My job as an emergency manager is to respond to disasters. In Philadelphia, I was part of the response to a refinery explosion, Amtrak train derailment, and many, many apartment fires.

See, my job is to write the plans and guide the decision-makers (mayors, police chiefs, and elected officials) through the problem-solving part of a disaster. I also coordinate recovery efforts with non-profit helper agencies and teach and train people before disasters strike.

Think of it like a stage manager. I make sure that everyone has a script (plan), the stage is ready and everyone can communicate. I never get a say in what play we are doing or which actors will show up. I just have to be ready to go with advice, a strong voice, and lots of kindness.

Coming out of a big city I knew the problems would be the same just on a smaller scale. What I found was the COVID-19 Task Force, a small group of dedicated leadership, faculty, and staff that were the key decision-makers for the many issues facing the University and the greater community.

Like all other higher education institutions across the state, we came up with our own guidelines and protections we were comfortable with to protect not just Austin Peay but the larger Clarksville community. We instituted a mask mandate in all campus buildings in early May and worked to build thresholds for making decisions as this pandemic changes.

After a spring at home and a summer rearranging classrooms, developing support for students who must be in class for accreditation or certification purposes, and building excellent remote learning platforms, we opened our doors in August. We launched aggressive test and trace tactics, encouraging everyone to complete daily health screenings and scan QR codes ‘into’ a space for tracing if necessary. We encouraged everyone to stay home if sick and complete a COVID reporting form to track and trace. Our goal is to get back to traditional face-to-face learning by Fall 2021.

By December we were shocked by our results. Austin Peay drastically outperformed every other public higher education institution in Tennessee, in terms of positive coronavirus cases. Our highest single-day case count between August 24th and December 1st was 43, which is amazing because we had several thousand people on campus every day.

 


 

This speaks to the dedication the COVID-19 Task Force has to contain COVID-19 Coronavirus on campus. As we enter the spring term, we continue to meet every day as a command group and work out issues across campus to make sure we are able to support those who are sick and keep everyone else healthy.

Without those daily meetings, we would not have recognized the importance of opening our own testing lab to take the pressure off Montgomery County testing operations. Typically our lab covers about 20 percent of the tests completed in Montgomery County every day.

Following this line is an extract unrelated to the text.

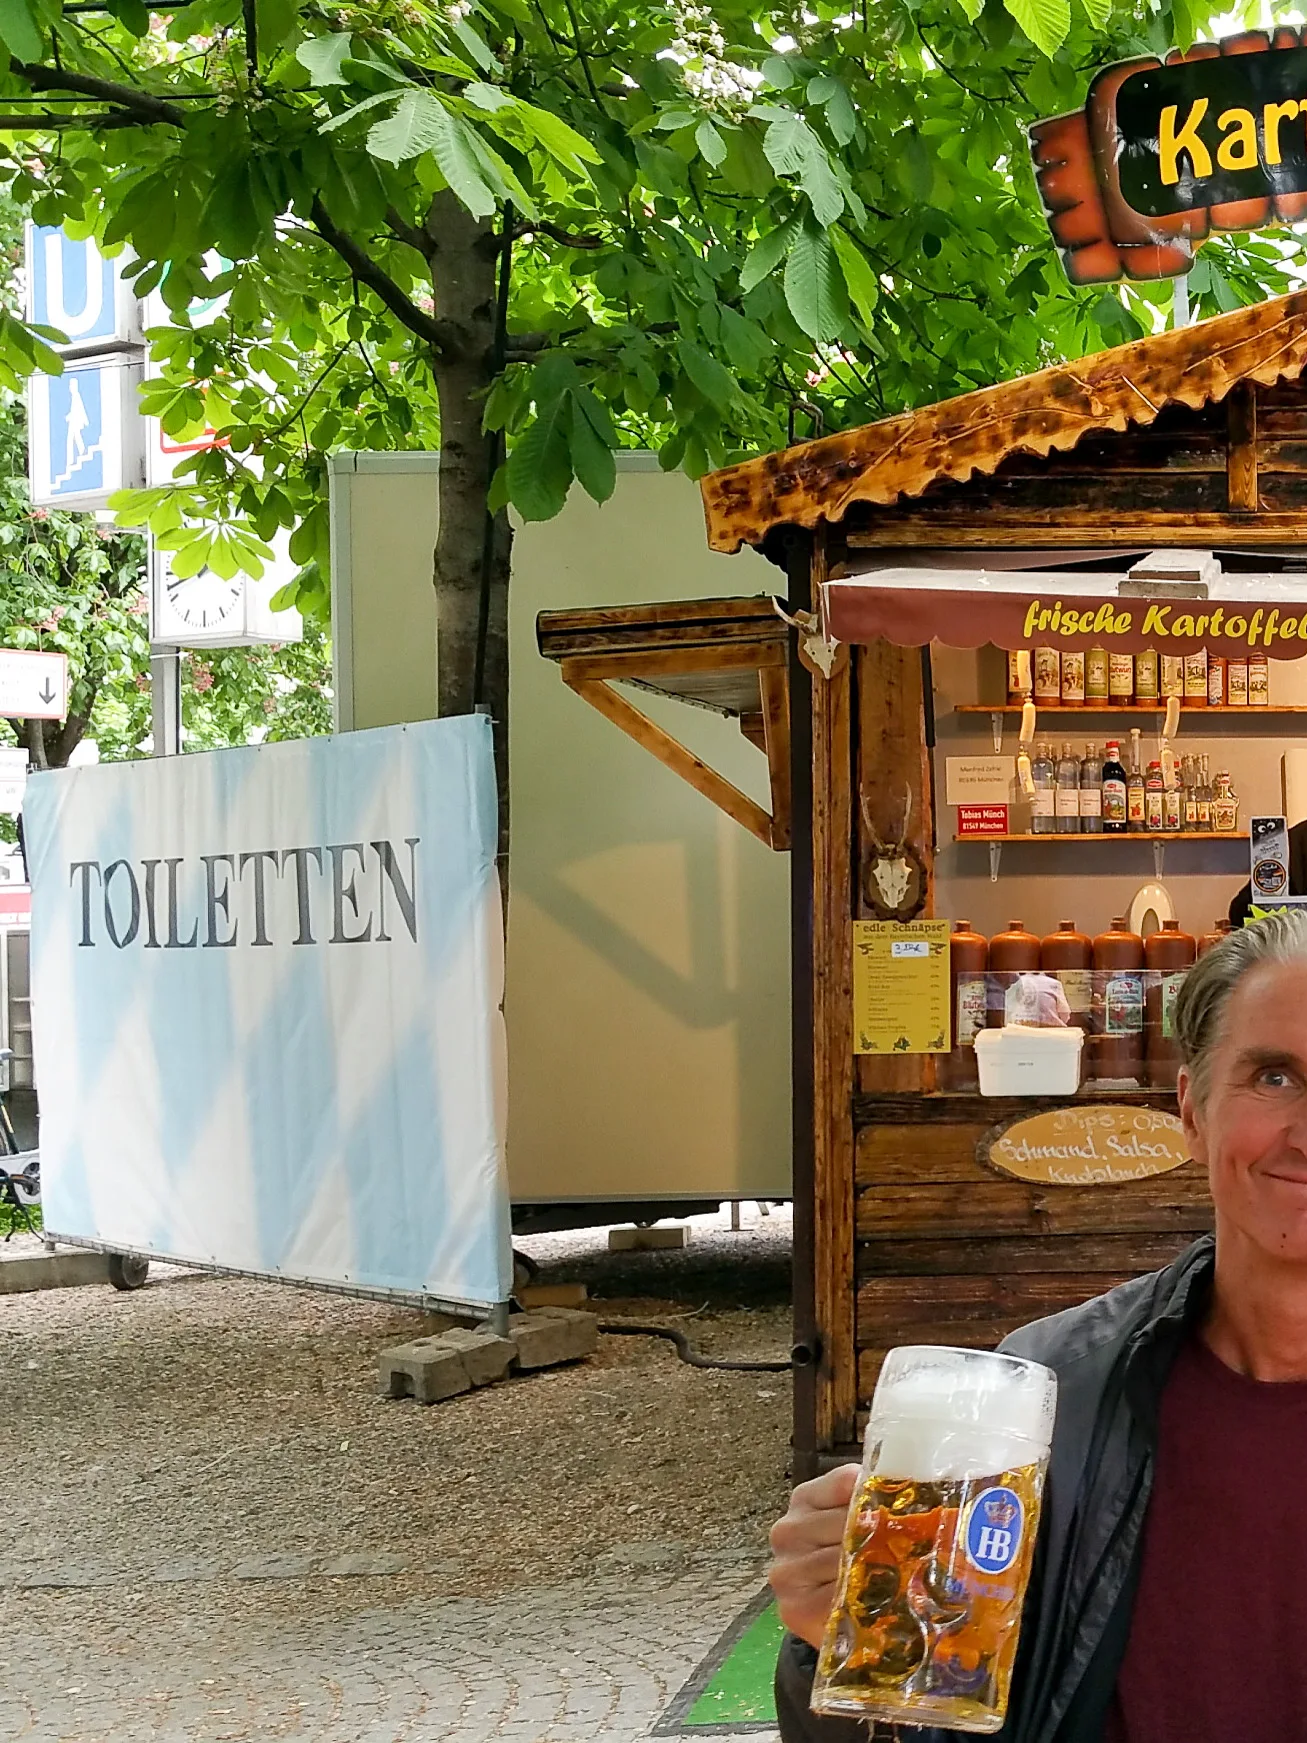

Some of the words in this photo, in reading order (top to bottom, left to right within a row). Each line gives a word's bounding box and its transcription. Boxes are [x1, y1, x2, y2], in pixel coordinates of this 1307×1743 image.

We also found that we have expertise and energetic Governors that are rising to the challenge of opening a vaccine site to support the Montgomery County Health Department efforts. We are the first higher education institution in the state approved to work directly with a health department to support the public efforts.

I am proud that Austin Peay has risen to the challenge so many times during this pandemic, and I really believe we have saved lives in the process. To me, it makes all the troublesome days worth it.

 

Lynn Fisher, APSU’s first Director of Emergency Management, provided this commentary, looking back on a year of battling COVID-19 Coronavirus on campus.